NEW YORK (TheStreet) -- Over at Digital Music News, Paul Resnikoff summarized the key takeaway from research conducted by MiDIA:

Compare and contrast with the 41% decline in (retail) recorded music revenue ... Indeed it is the 60% growth in live revenue that has done most to offset the impact of declining music sales.

According to MiDIA, the music industry can thank live music for the fact that it only contracted -- overall -- by roughly 3% between 2000 and 2013. 

If this doesn't set off further light bulbs in the heads of management at Yahoo! (YHOO) I'm not sure what will.

Credit Marissa Mayer for either following my lead or having the same thoughts as I did with respect to live concert streaming independent of me having and writing about these thoughts.

I knew something was up in December 2013 when Mayer followed me on Twitter (TWTR) shortly after I published Marissa Mayer's Biggest Game Changer Yet. In that article, I began tunneling a trajectory of thought that would prove prescient: Yahoo! should seize the massive opportunity to take ownership of the largely neglected live concert streaming space.

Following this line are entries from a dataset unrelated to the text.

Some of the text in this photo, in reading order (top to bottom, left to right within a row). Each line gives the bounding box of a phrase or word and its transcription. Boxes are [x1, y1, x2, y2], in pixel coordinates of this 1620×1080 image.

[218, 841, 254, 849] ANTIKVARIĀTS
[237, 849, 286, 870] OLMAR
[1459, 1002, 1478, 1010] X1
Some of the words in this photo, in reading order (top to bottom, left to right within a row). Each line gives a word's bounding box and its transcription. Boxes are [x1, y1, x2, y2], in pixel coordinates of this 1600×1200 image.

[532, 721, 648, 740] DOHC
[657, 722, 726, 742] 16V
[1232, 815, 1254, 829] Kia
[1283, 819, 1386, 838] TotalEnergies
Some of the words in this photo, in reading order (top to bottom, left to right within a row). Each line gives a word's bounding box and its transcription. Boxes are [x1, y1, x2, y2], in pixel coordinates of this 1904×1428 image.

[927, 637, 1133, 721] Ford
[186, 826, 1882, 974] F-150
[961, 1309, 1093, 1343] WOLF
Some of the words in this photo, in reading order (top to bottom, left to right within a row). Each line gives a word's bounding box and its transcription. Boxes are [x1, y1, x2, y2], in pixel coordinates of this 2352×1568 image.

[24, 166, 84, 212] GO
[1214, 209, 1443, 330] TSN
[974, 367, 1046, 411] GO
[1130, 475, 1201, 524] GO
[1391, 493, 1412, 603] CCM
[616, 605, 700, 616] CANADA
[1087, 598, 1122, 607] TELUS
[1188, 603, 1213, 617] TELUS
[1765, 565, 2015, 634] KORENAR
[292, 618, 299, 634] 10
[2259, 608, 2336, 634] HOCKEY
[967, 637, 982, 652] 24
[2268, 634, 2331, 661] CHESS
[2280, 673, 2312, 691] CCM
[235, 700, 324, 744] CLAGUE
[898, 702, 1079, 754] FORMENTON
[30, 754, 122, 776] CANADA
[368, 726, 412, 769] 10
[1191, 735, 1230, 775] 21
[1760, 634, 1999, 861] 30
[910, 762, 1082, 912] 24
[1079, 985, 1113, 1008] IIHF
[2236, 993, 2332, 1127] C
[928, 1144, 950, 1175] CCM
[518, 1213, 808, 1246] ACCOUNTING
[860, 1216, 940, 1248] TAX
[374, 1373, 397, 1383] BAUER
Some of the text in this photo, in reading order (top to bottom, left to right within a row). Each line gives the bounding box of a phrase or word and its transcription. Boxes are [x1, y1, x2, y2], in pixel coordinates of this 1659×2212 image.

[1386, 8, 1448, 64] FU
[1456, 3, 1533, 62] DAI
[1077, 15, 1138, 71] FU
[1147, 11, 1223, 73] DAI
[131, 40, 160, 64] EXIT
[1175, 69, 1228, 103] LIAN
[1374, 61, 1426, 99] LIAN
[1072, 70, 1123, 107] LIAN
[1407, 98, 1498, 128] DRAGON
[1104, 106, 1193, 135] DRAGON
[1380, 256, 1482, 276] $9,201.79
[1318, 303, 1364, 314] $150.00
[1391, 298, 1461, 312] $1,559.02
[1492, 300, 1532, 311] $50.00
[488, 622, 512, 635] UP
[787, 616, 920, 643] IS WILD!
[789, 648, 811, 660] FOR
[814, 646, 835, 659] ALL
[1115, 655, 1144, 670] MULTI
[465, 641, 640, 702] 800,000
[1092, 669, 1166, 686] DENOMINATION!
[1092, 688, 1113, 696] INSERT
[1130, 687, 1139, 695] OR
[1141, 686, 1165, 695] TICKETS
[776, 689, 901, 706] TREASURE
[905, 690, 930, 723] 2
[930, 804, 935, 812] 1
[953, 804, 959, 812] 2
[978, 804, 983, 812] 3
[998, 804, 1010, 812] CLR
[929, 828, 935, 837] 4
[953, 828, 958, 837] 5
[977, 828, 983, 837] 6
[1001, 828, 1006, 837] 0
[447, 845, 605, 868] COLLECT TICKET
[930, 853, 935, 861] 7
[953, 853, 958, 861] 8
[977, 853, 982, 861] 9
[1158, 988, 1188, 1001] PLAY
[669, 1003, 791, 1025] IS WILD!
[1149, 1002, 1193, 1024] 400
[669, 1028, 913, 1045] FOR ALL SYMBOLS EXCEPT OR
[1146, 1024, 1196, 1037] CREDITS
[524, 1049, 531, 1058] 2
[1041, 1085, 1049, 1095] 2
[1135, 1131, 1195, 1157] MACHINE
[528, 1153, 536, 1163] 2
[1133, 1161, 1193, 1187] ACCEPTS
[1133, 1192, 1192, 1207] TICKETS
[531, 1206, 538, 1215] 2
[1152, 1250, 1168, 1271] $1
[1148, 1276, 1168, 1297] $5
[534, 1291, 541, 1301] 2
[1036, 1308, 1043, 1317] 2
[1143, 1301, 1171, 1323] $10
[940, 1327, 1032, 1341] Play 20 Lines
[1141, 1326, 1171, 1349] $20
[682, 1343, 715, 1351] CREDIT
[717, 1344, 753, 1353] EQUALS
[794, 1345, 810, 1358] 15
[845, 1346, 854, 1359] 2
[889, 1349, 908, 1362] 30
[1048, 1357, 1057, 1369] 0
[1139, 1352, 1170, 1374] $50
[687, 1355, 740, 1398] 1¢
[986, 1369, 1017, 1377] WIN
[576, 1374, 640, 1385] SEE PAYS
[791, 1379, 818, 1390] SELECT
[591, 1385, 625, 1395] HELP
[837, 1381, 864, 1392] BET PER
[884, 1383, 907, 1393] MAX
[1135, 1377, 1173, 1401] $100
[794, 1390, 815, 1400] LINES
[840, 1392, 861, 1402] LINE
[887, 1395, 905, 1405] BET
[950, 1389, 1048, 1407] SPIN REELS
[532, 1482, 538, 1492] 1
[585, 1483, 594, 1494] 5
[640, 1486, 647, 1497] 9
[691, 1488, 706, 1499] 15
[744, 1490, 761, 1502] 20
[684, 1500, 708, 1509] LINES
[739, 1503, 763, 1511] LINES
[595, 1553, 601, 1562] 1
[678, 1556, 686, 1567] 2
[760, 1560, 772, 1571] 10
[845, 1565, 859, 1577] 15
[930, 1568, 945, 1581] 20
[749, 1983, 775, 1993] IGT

Around that time and since then, we have seen Yahoo!, via the fantastic Yahoo! Screen, stream several one-off live performances from acts as big as One Direction and in conjunction with Clear Channel Media and Entertainment's iHeart Radio. (Disclosure: I recently became a Clear Channel employee, working part-time as a sports talk personality on Fox Sports Radio).

Over the last year and a half, I never let up. I continued to argue that live concerts would lift Yahoo!'s video strategy and differentiate it from the gaggle of companies -- such as Netflix (NFLX) and (AMZN) -- focused on scripted original programming. Indeed, Yahoo!'s going there as well, however I argued it would be disappointing if originals comprised the cornerstone of its streaming video plan.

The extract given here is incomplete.